Solo con una normativa che regolamenti il comparto, i biocarburanti potranno rivelarsi una manna dal cielo nella lotta al cambiamento climatico. Legambiente e Chimica Verde hanno chiesto al governo di tener conto delle problematiche relative al cambio indiretto d’uso del suolo
(Rinnovabili.it) – Biocarburanti, rotazione delle colture e una politica sostenibile che ne regolamenti le attività. Ecco le richieste che Legambiente e Chimica Verde hanno avanzato al Governo durante il convegno “Lo sviluppo dei biocarburanti e il consumo di suolo agricolo”. Le previsioni annunciano infatti che l’Italia raggiungerà, entro il 2020, la posizione di quarto produttore in Europa di gas serra legati proprio ai biocarburanti, con una produzione che potrà variare dai 2,6 ai 5,2 milioni di tonnellate di CO2 l’anno.
Accadrà questo qualora il paese non decidesse di correre ai ripari e stabilire norme per la produzione e il commercio di carburanti sostenibili, tenendo sempre conto delle problematiche legate al cambio d’uso del suolo.
“Se il governo italiano e l’Unione Europea non affronteranno correttamente il problema dell’uso del suolo per produrre cibo e produrre energia rischiano di vanificare la lotta all’effetto serra e di creare ulteriori danni agli ecosistemi – ha spiegato Beppe Croce, responsabile non-food per Legambiente -. La produzione di biocarburanti sostenibili è possibile e doverosa per uscire dalla dipendenza dalle fonti fossili, ma solo se il cambio d’uso indiretto del suolo verrà tenuto in conto nelle direttive UE”.

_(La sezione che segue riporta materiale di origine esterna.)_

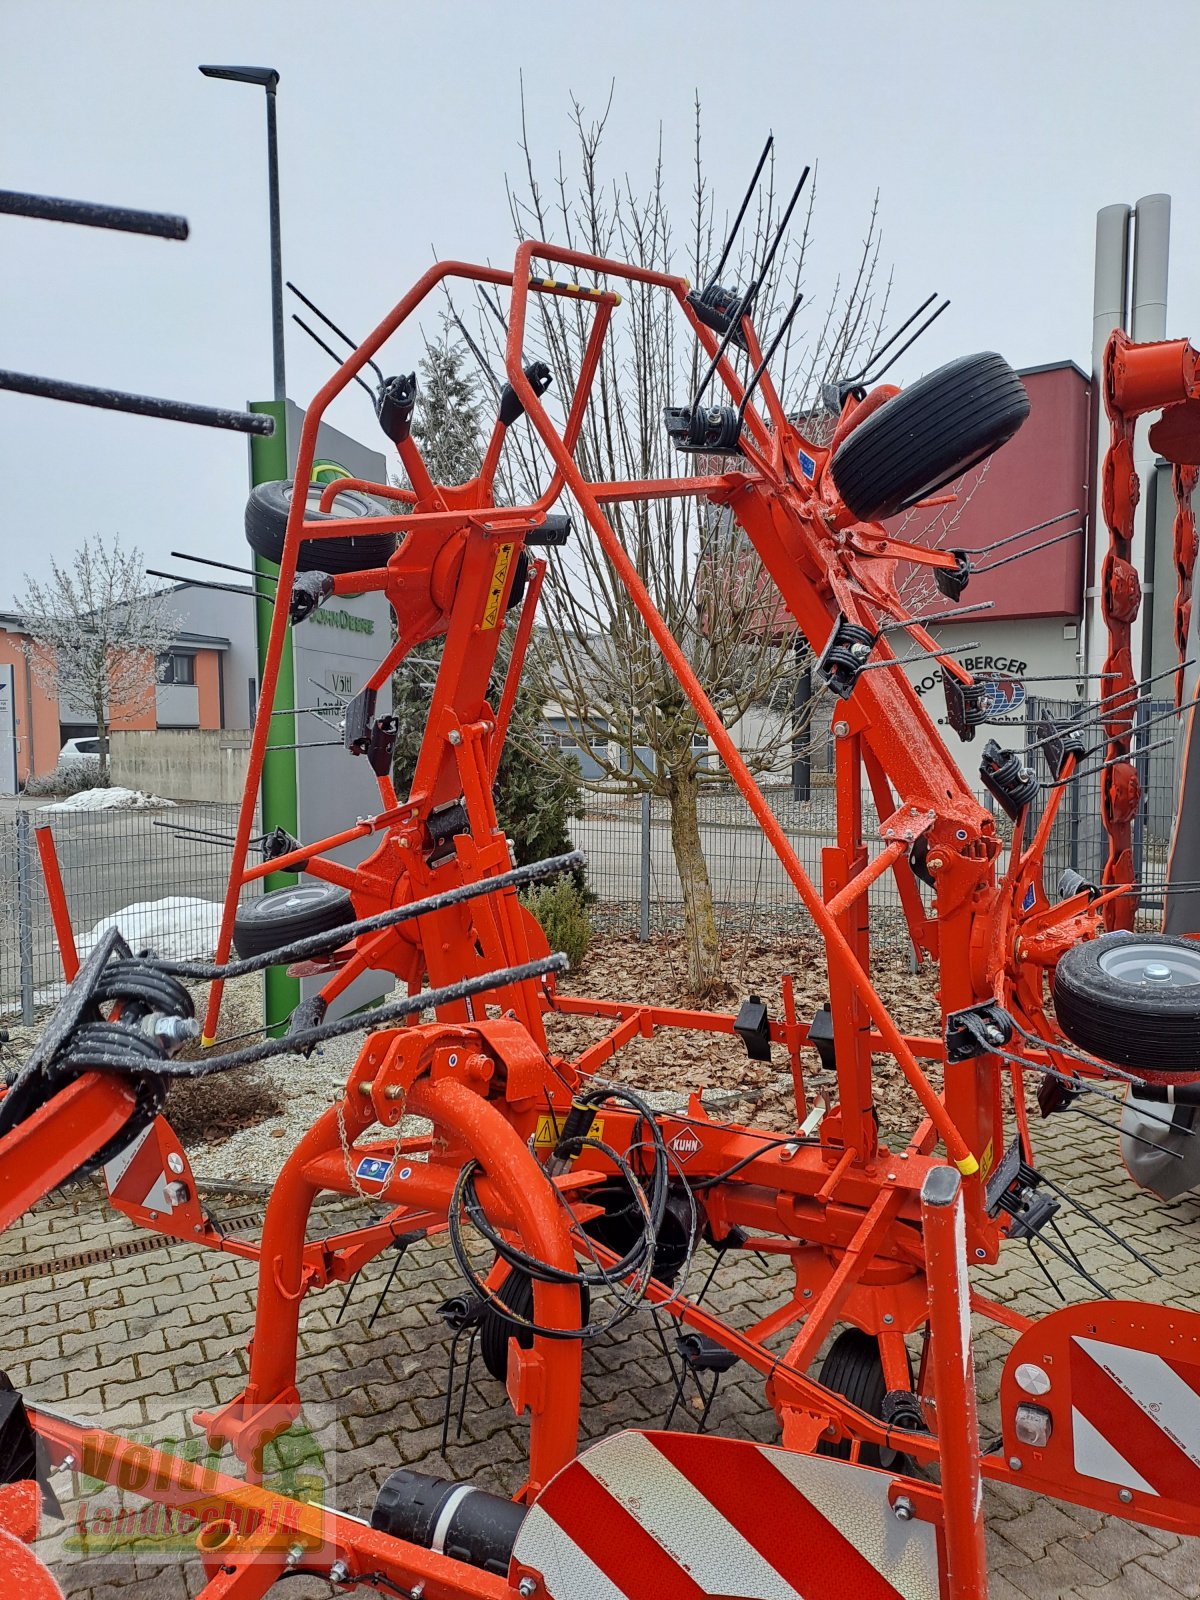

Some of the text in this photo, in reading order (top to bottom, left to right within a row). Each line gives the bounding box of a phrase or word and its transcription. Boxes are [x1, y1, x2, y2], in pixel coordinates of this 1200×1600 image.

[332, 674, 351, 693] Völtl
[914, 656, 1027, 697] ROSBERGER
[672, 1139, 698, 1151] KUHN
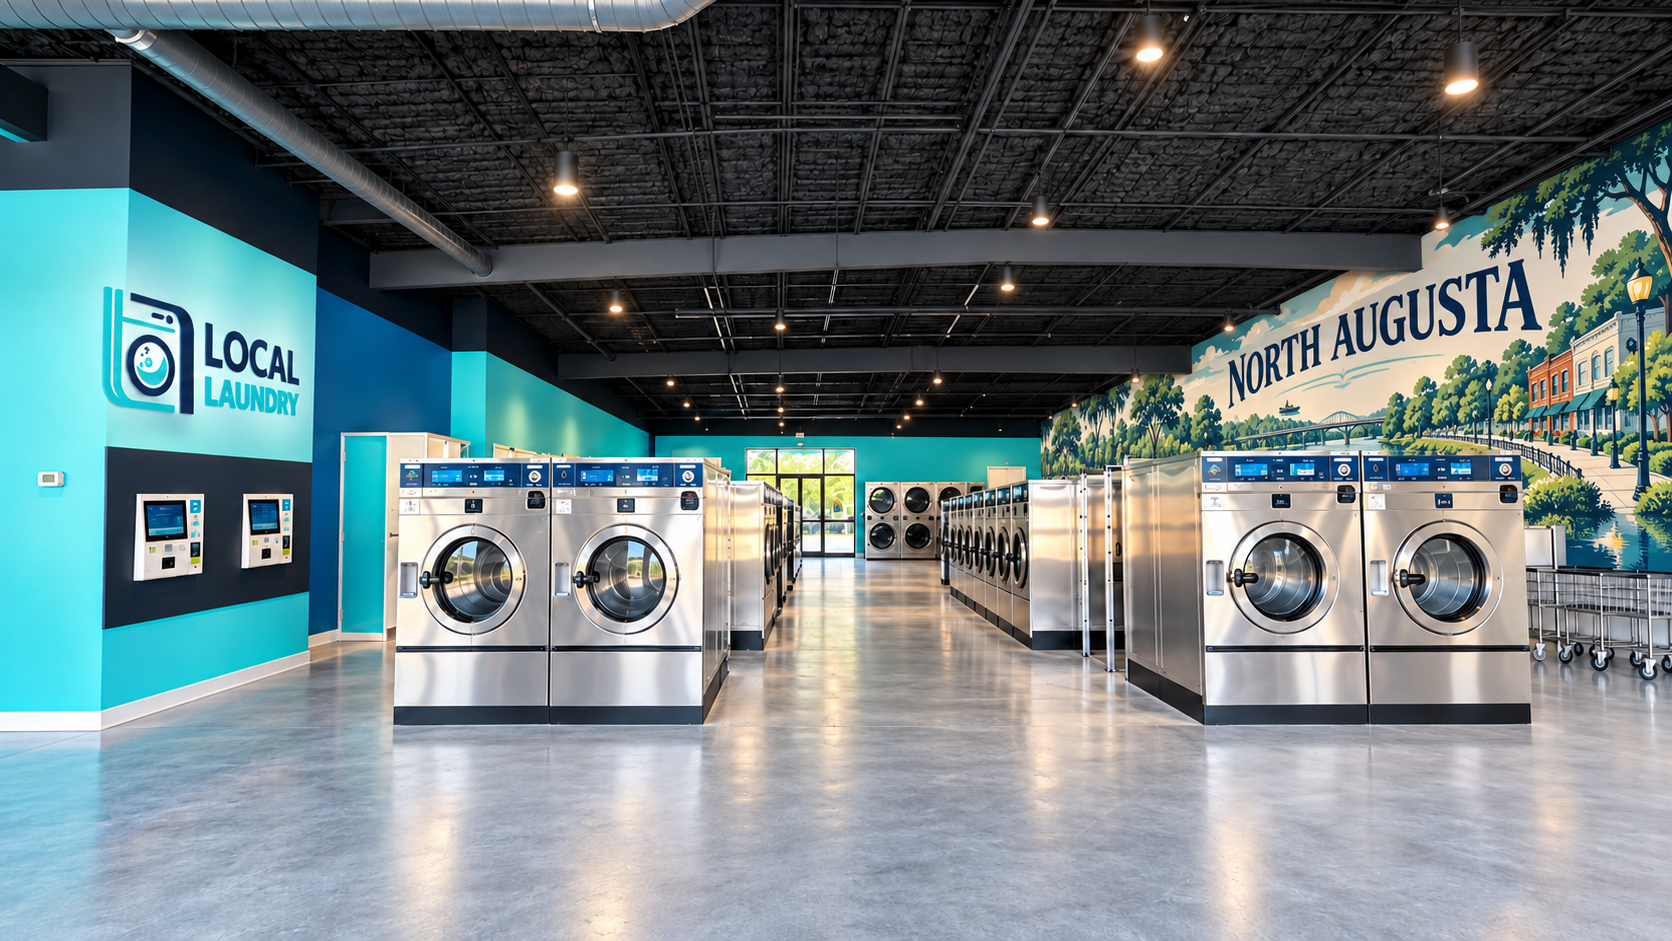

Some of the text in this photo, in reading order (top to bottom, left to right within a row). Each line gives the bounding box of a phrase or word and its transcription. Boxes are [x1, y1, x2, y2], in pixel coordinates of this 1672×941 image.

[204, 322, 300, 386] LOCAL
[1228, 258, 1543, 409] NORTH AUGUSTA
[204, 376, 300, 417] LAUNDRY

A livello europeo entro il 2020 i biocarburanti dovranno rappresentare il 9,5% dei combustibili impiegati nel settore trasporti e la minaccia è rappresentata dal fatto che, qualora non si arrivasse ad una normativa ad hoc, il 92% dei carburanti green potrebbero essere prodotti da coltivazioni lavorate su terreni precedentemente utilizzati per colture alimentari. A rivelarlo uno studio dello IEEP (Institute for European Environmental Policy) che ha ipotizzato un cambio indiretto d’uso del suolo che sarà la causa di danni agli ecosistemi, derivanti soprattutto dalla necessità di ricercare sempre nuovi terreni agricoli. Tale fenomeno potrebbe portare alla riconversione di 69,000 chilometri quadrati di terreno appartenente al nostro continente, ossia un’area che per estensione equivale alla superficie del Belgio procedendo così alla deforestazione di ampie zone che potrebbero essere la causa, rivelano i dati, della produzione di un quantitativo di CO2 superiore rispetto agli attuali inquinanti prodotti dai combustibili fossili, quantitativo calcolato tra i 27 ai 56 milioni di tonnellate. In questo modo verrebbero superati anche i limiti di emissioni che fanno di un carburante un prodotto adatto ad essere definito bio. Attualmente infatti le direttive comunitarie impongono il calcolo, sull’intero ciclo di vita, delle emissioni generate da un carburante alternativo che, per essere definito tale deve provvedere ad una riduzione delle emissioni di gas serra del 35% rispetto ai combustibili fossili, limite che nel 2050 dovrà arrivare al 50%, percentuale che potrebbe essere di gran lunga disattesa qualora il meccanismo di cambio d’uso indiretto del suolo non venisse regolamentato.
“Per i biocarburanti – ha aggiunto Luca Lazzeri, presidente di Chimica Verde – dobbiamo puntare su filiere corte, prodotti di scarto e su tutte le colture che non richiedano la conversione di terre, utilizzando per esempio i terreni marginali che comunque non sono coltivati. Dobbiamo inoltre sfruttare la rotazione fra colture di cibo e colture per biocarburanti, perché alternando le une alle altre si arricchisce il terreno e non si ha una perdita di produzione alimentare”.